Home maintenance. Maintaining a large family home can be hard work, particularly for older homes. Mowing big yards, especially in the summer, weeding, pruning, painting and watering can take up most of your spare time and prevent you from enjoying those things you had planned to do in retirement. You may also want to travel, and you should be able to do this without worrying about your home — is it secure, who is clearing the mailbox or mowing the lawn while you are away?

Downsizing. People often find that their existing home is too large for them or presents access problems with stairs, narrow access ways or multiple levels, whereas retirement homes are specifically built for easy access and maintenance.

Security. Elderly people are particularly vulnerable to home invasion and if they do not feel safe in their home or neighbourhood, it can cause a great deal of stress.

Social life. Retirement communities are full of like-minded people who generally want the same things out of life that you do. This can make for a busy social life, if that’s what you want!

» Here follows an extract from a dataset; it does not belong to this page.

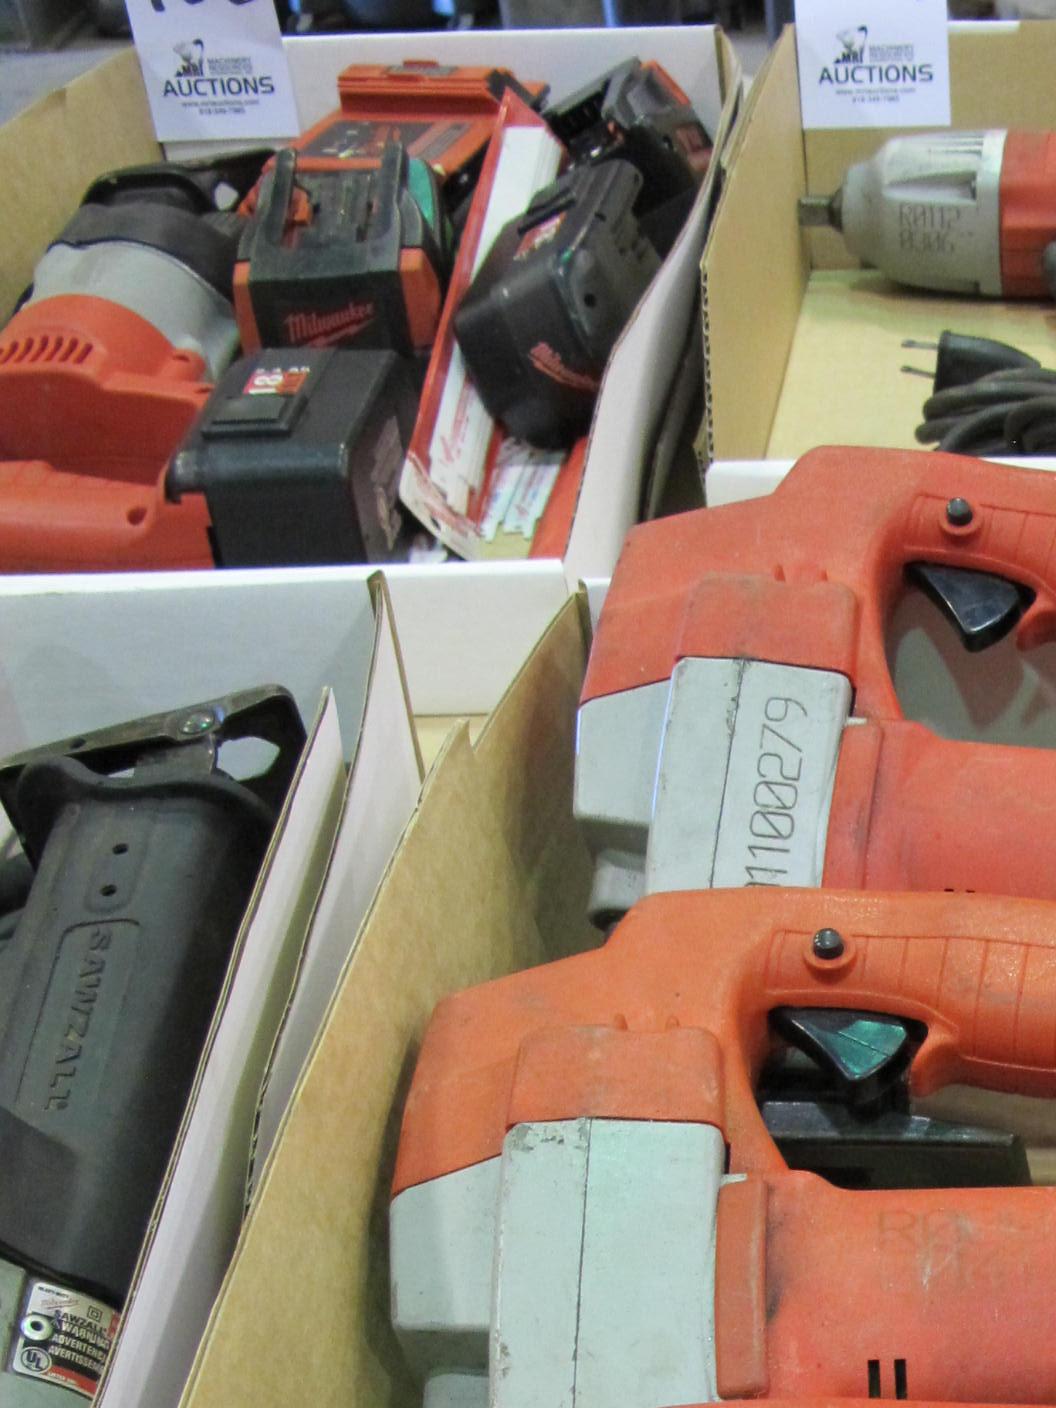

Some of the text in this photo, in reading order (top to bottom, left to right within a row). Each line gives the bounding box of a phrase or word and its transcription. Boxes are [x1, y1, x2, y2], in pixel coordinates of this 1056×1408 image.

[819, 64, 933, 85] AUCTIONS
[163, 76, 275, 97] AUCTIONS
[44, 928, 113, 1111] SAWZALL
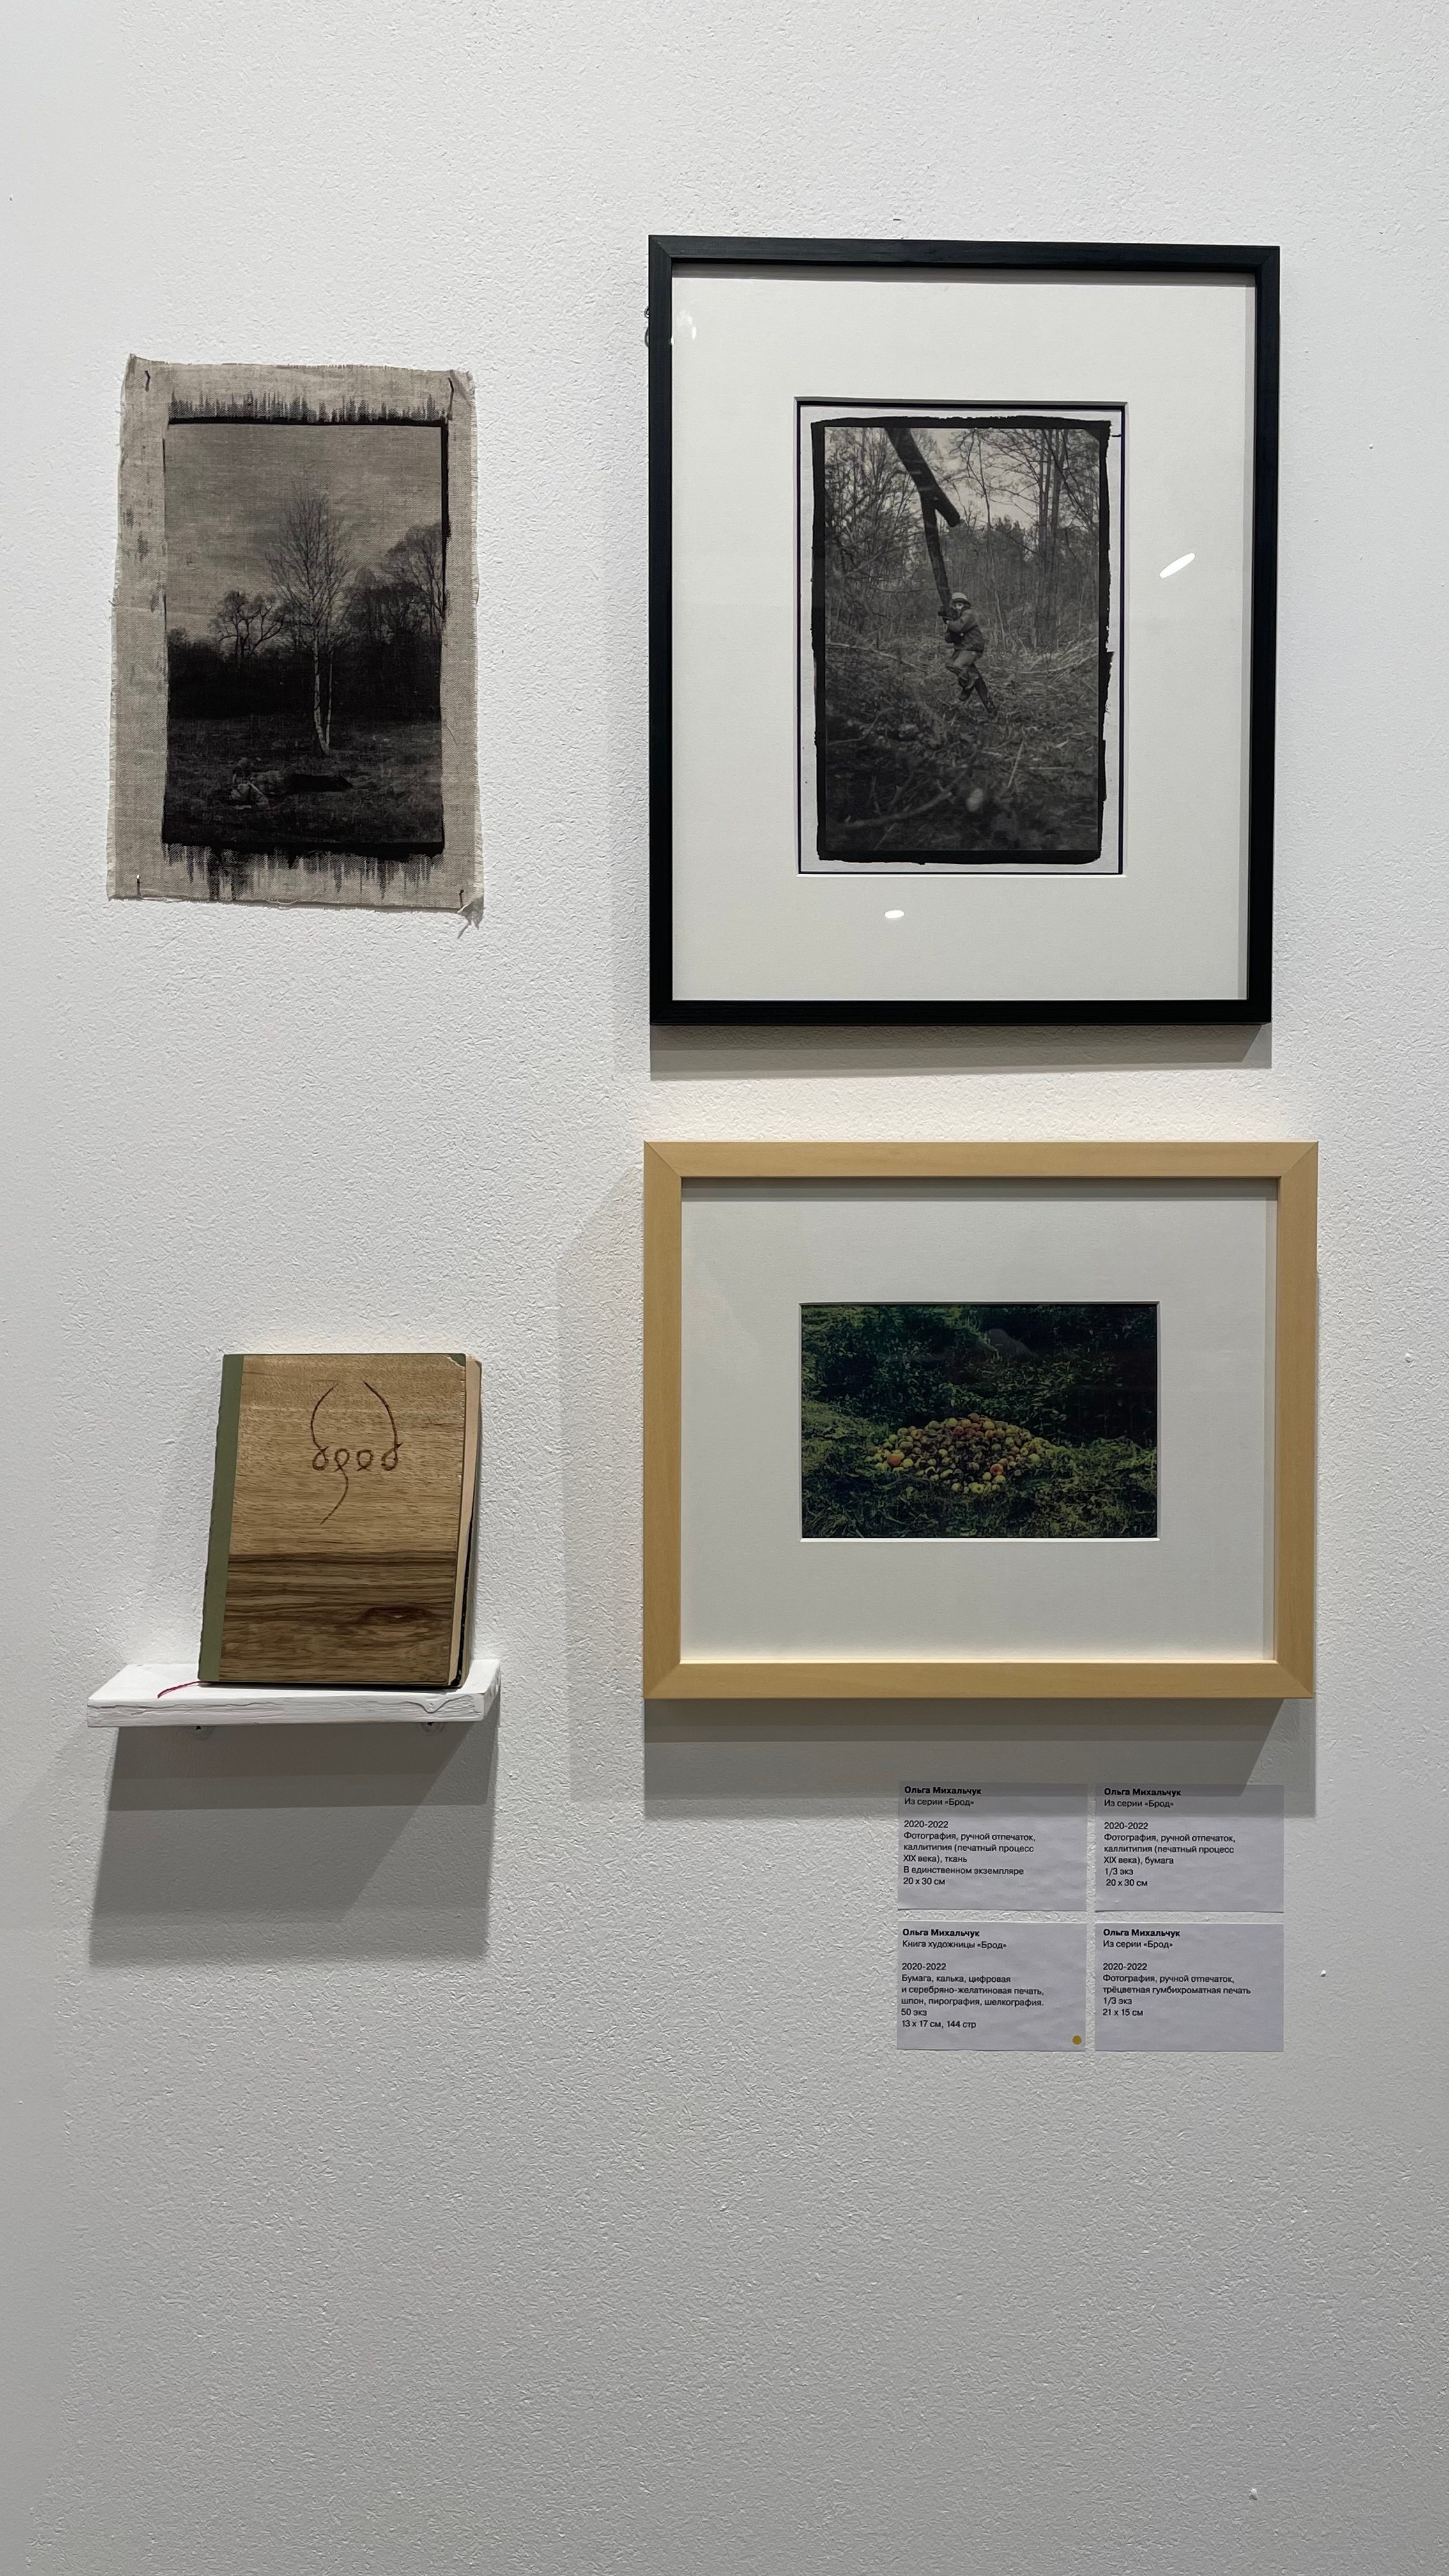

All of these reasons are compelling arguments to move into a retirement community! So if you think that a retirement village could be the right move for you, here are some of the pro’s and con’s of retirement villages:

Pro’s:

  • You get to live in a community of similarly aged and like-minded residents.
  • Retirement village homes are specifically built for low maintenance.
  • Many retirement villages feature on-site management and facilities such as a gym, pool, clubhouse or village bus.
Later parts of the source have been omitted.